One of the most significant structural shifts in financial markets over the past decade has occurred largely outside public view. Private credit—direct lending by non-bank institutions to middle-market and larger companies—has grown from approximately $400 billion in assets under management in 2015 to over $1.5 trillion today. This explosive growth represents a fundamental rewiring of how corporations access debt capital, with profound implications for banks, investors, and the companies that borrow.

The rise of private credit is inseparable from the retreat of banks from certain lending markets. Post-2008 regulations, particularly higher capital requirements under Basel III, made many types of corporate lending less economically attractive for banks. Loans to mid-sized companies, leveraged buyout financing, and complex structured credit all became more expensive to hold on bank balance sheets. Into this gap stepped alternative asset managers like Blackstone, Apollo, Ares, and a proliferating ecosystem of smaller specialists.

For borrowers, private credit offers compelling advantages. Speed and certainty of execution matter enormously in competitive M&A situations, and private credit funds can commit to financing in days rather than weeks. The bilateral relationship between borrower and lender enables customization of terms that syndicated loans cannot match. Perhaps most importantly, private credit has proven far more reliable through economic cycles; while syndicated loan and high-yield bond markets effectively shut during the COVID crisis, private credit funds continued lending.

Investors have flocked to the asset class in search of yield. Pension funds, insurance companies, and sovereign wealth funds—all facing low yields in traditional fixed income—have dramatically increased private credit allocations. The asset class offers spreads of 400-600 basis points over comparable public market instruments, reflecting illiquidity premiums, complexity premiums, and the additional work involved in sourcing and underwriting individual transactions. For investors with long time horizons and limited liquidity needs, these premiums represent genuine value creation.

However, the rapid growth of private credit has not been without concerns. The asset class is inherently opaque; unlike publicly traded bonds, private credit investments lack regular mark-to-market pricing, and valuations often lag reality during periods of stress. The 2022 rate shock revealed significant valuation gaps at some funds, prompting questions about risk management and reporting practices.

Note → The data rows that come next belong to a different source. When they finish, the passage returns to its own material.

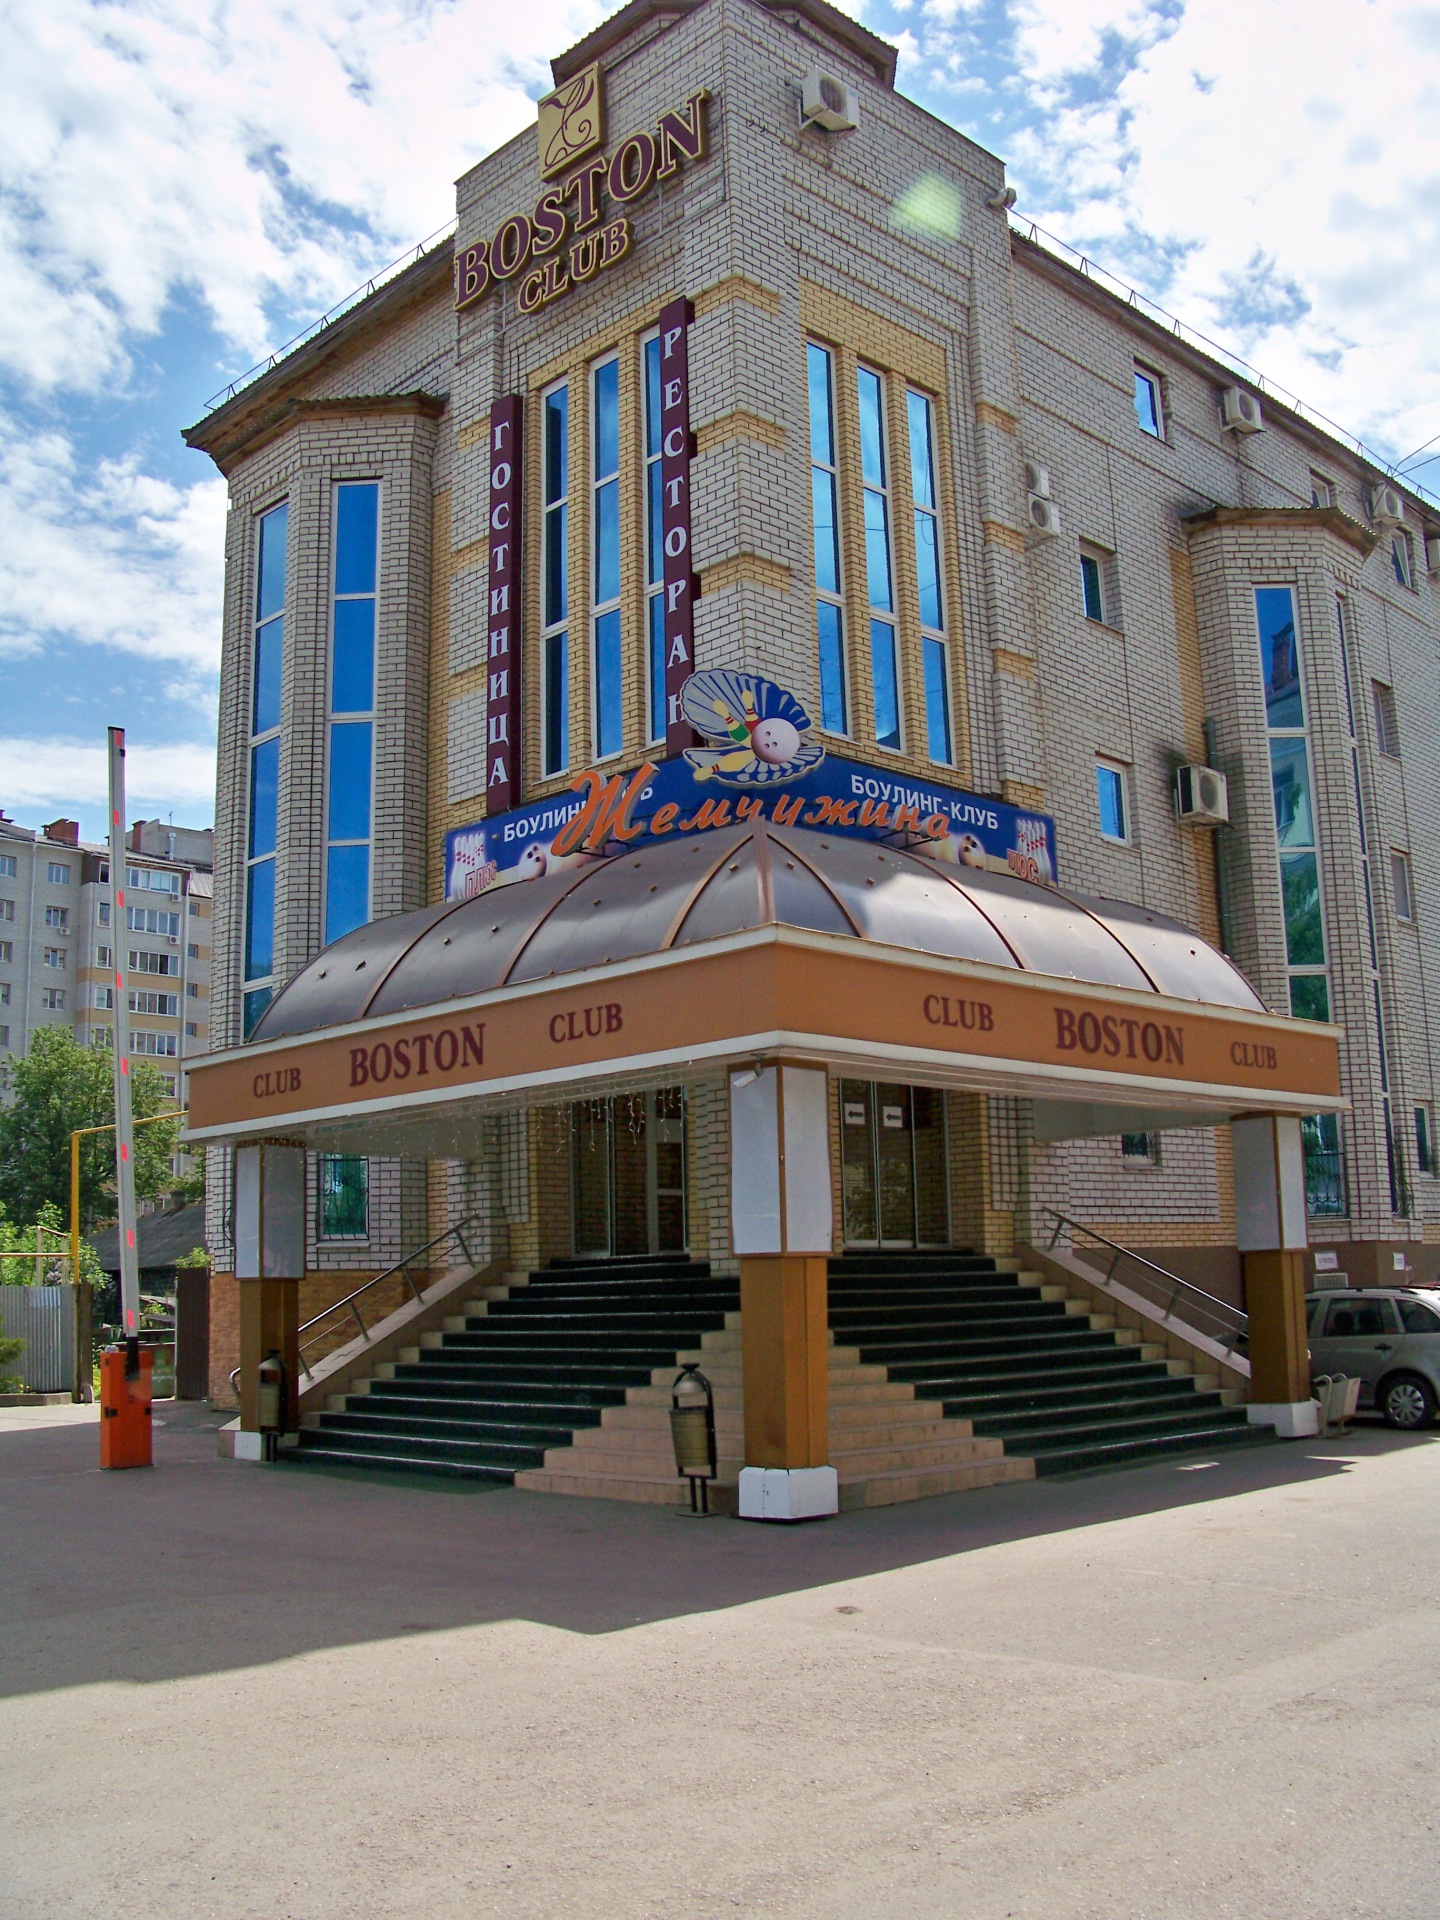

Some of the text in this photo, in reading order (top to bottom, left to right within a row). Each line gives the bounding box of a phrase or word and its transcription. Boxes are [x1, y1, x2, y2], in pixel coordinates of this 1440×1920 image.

[453, 88, 711, 312] BOSTON
[517, 217, 633, 314] CLUB
[487, 421, 512, 788] ГОСТИНИЦА
[851, 774, 999, 830] БОУЛИНГ-КЛУБ
[253, 1002, 624, 1098] CLUB BOSTON CLUB
[923, 994, 1278, 1070] CLUB BOSTON CLUB
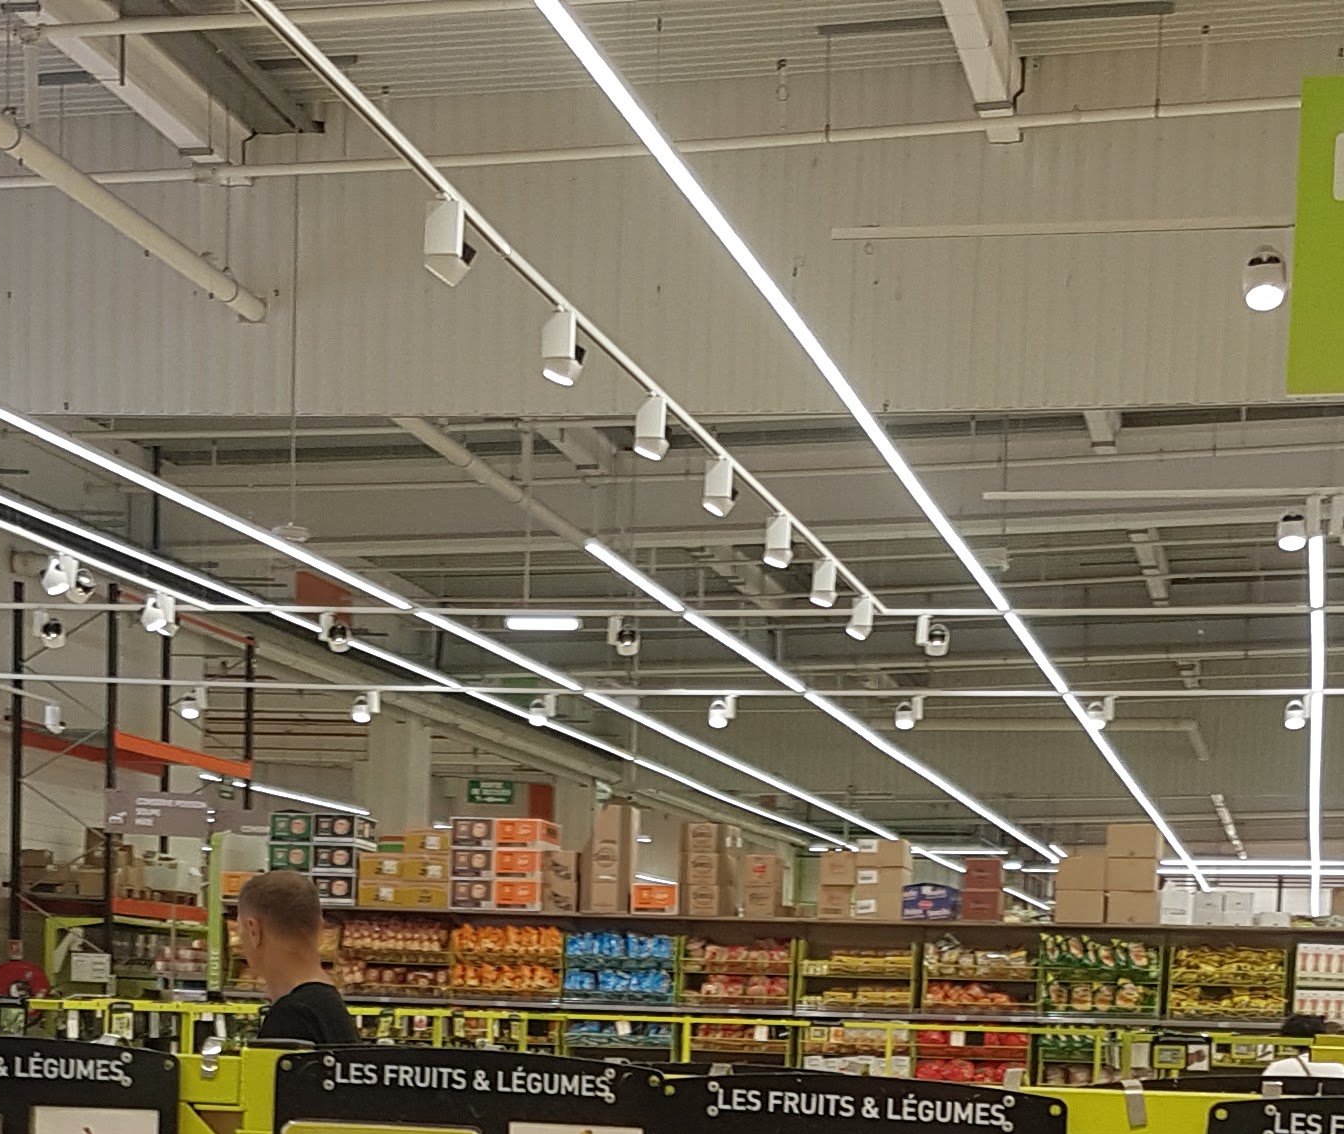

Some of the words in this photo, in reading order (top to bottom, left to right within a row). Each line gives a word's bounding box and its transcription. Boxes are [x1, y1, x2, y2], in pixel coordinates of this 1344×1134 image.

Additionally, the sheer volume of capital seeking deployment has compressed spreads and loosened documentation standards, potentially planting seeds for future problems.

Systemic risk questions have attracted regulatory attention. While private credit funds don't pose the same run risk as banks—their investors are locked up for years rather than able to withdraw on demand—their growing role in funding the real economy means that stress in the sector could have broader consequences. The interconnections between private credit, private equity, and traditional banking are deeper than commonly understood, and untangling them in a crisis could prove challenging.

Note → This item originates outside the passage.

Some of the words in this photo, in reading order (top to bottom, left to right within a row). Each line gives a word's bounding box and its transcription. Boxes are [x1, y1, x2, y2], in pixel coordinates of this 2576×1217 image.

Looking ahead, private credit appears positioned for continued growth, albeit likely at a slower pace than the recent decade. Banks have been pushed to the sidelines by regulatory constraints that show no sign of easing; the capital seeking income exceeds what public markets can supply; and the advantages of private credit for both borrowers and lenders are genuine. The maturation of the asset class will likely bring more standardization, better reporting, and eventually some form of regulatory framework. For now, private credit remains one of the most consequential innovations in financial markets—one that is reshaping how capital flows to American and European corporations.